**RECORDS TO USE**
┌────────

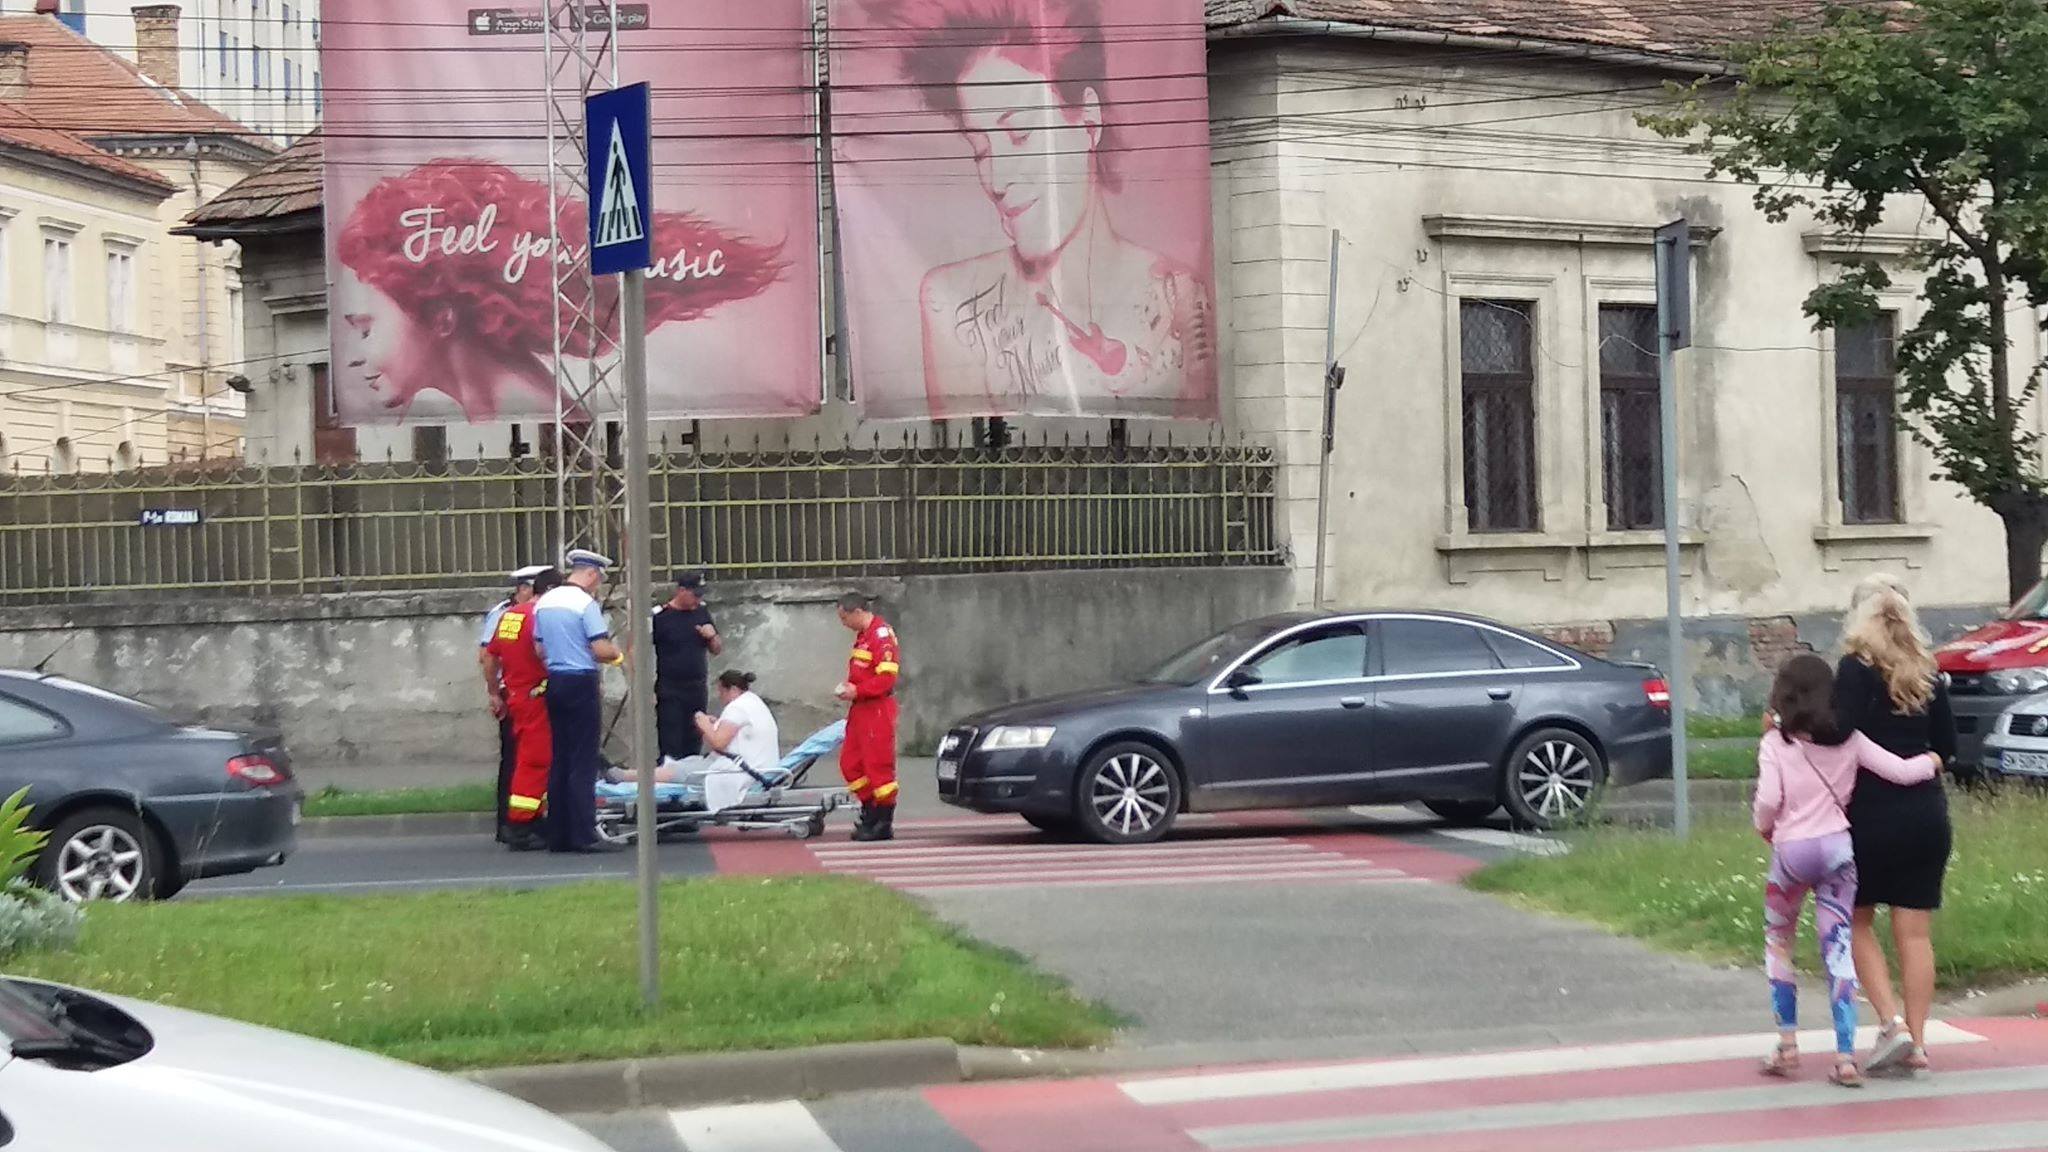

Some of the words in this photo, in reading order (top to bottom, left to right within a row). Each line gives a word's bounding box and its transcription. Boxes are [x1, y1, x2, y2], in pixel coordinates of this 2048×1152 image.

[521, 19, 546, 30] Stor
[592, 14, 625, 25] Goole
[400, 203, 499, 262] Feel
[644, 242, 726, 281] usic

└────────

**INSTRUCTIONS TO FOLLOW**
Reproduce the listing word for word, but keep the pictures out of it.

**PROBLEM SOLUTION**
Some of the words in this photo, in reading order (top to bottom, left to right within a row). Each line gives a word's bounding box and its transcription. Boxes are [x1, y1, x2, y2], in pixel coordinates of this 2048×1152 image.

[521, 19, 546, 30] Stor
[592, 14, 625, 25] Goole
[400, 203, 499, 262] Feel
[644, 242, 726, 281] usic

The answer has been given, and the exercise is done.